A Most Peculiar Object In Our Solar System
By
James Donahue
Astronomers
have been calling it G1.9. It appears to be very large . . . some say about twice the size of Jupiter and located just beyond
Pluto. It does not appear to be a planet and some have suggested it is a brown dwarf star. NASA is calling it a remnant of
a supernova. A team of Spanish astronomers says it even has planets or large satellites circling it.
Fortunately,
whatever GI.9 is, it is following an elliptical track around our Sun. This means that all of the doomsday theorists claiming
it is the dangerous “Planet X,” or the alien planet Nibiru making its return swing through our solar system cannot
claim G1.9 for their own.
G1.9
is far out in space, possibly on the outer edge of the Kuiper Belt, a large ring of debris that is known to be circling our
solar system. While the object in the Kuiper Belt are believed to be mostly frozen methane, ammonia and water, that an object
as large as G1.9 also exists in the belt suggests that the debris field may also be comprised of solids.
Since
we haven’t the capability of jumping into a space craft and flying out for an up-close look at all of this stuff, we
can only speculate at what is really there.
As
we might expect, there is controversy among world astronomers as to just what G1.9 is, and if it poses a possible threat to
our solar system and us. While NASA says everything is just fine, the Spanish astronomers and even Russian astronomers are
expressing alarm over what they say is the recent discovery that G1.9 is changing. It appears to be growing in size.
Since
the time the object was first discovered and identified as a “supernova remnant” in 1984 by Dave Green at the
University of Cambridge, more recent observations by NASA’s Chandra X-Ray Observatory show that the object has grown
in size by 16 percent.
NASA
astronomers say a supernova does not expand that fast unless it has just exploded. Thus they suggest that G1.9 may be a very
young supernova, possibly no more than 150 years old. The other explanation is that G1.9 is on a somewhat imperfect orbit
and that this phase of its orbit has brought it closer to Earth than it was in 1984.
The
Spanish team rebuts the NASA theory. They believe G1.9 is a brown dwarf star that is appearing larger in size because it is
approaching our solar system.
Russian
astronomers appear to be in agreement with the Spanish team. They say a supernova explosion that occurred 150 years ago would
have been so visible on Earth that people would not have missed it. Such an event would have been well documented.
The
Russians suggest that G1.9 is either a brown dwarf sun or perhaps even a new planet coming into or orbiting our solar system.

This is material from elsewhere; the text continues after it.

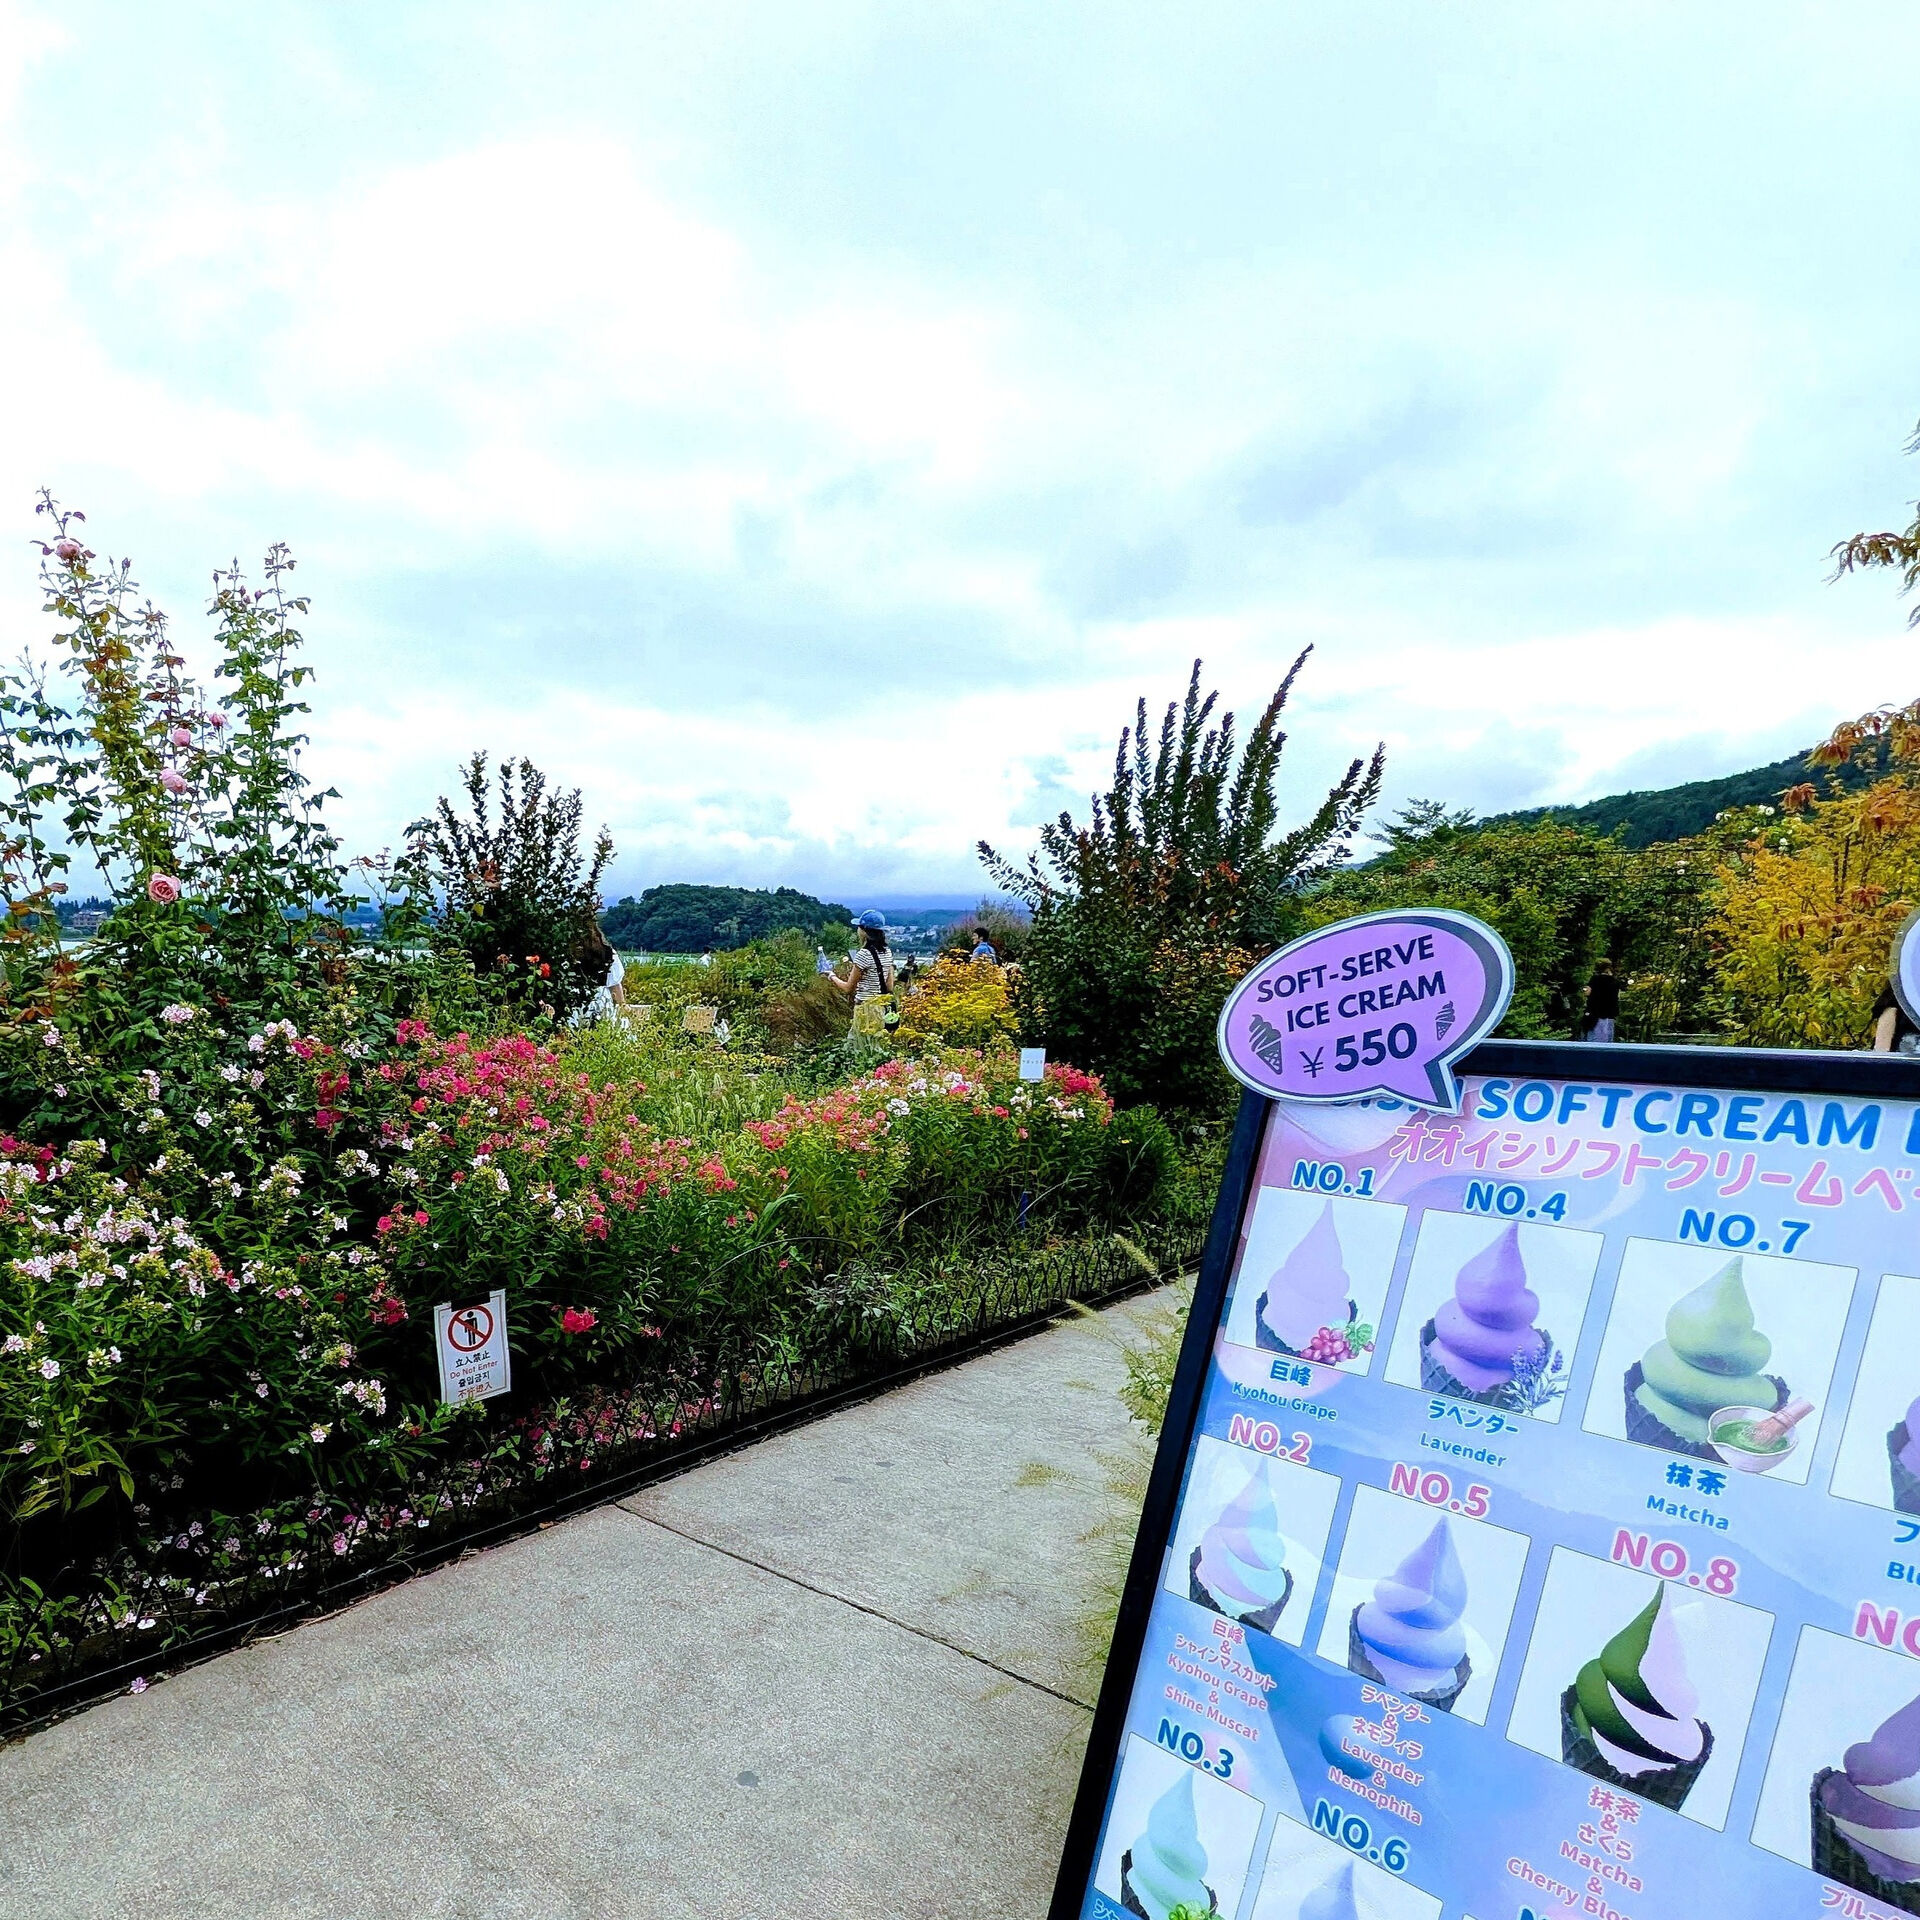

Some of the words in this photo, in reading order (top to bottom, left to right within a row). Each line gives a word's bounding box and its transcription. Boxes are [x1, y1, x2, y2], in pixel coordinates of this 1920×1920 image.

They suggest that its presence close to the Kuiper Belt and its gravitational field is kicking loose many of the objects in
the belt and sending them flying through the solar system. This, they say, may have been the reason Jupiter was struck by
the Shoemaker-Levy Comet in 1994 and another large object in 2009. Anatoly Perminov, head of the Russian space agency, recently
told Voice of Russia radio that they were so alarmed by the onslaught of these “space missiles” that his agency
was preparing to try to protect Earth from such a strike.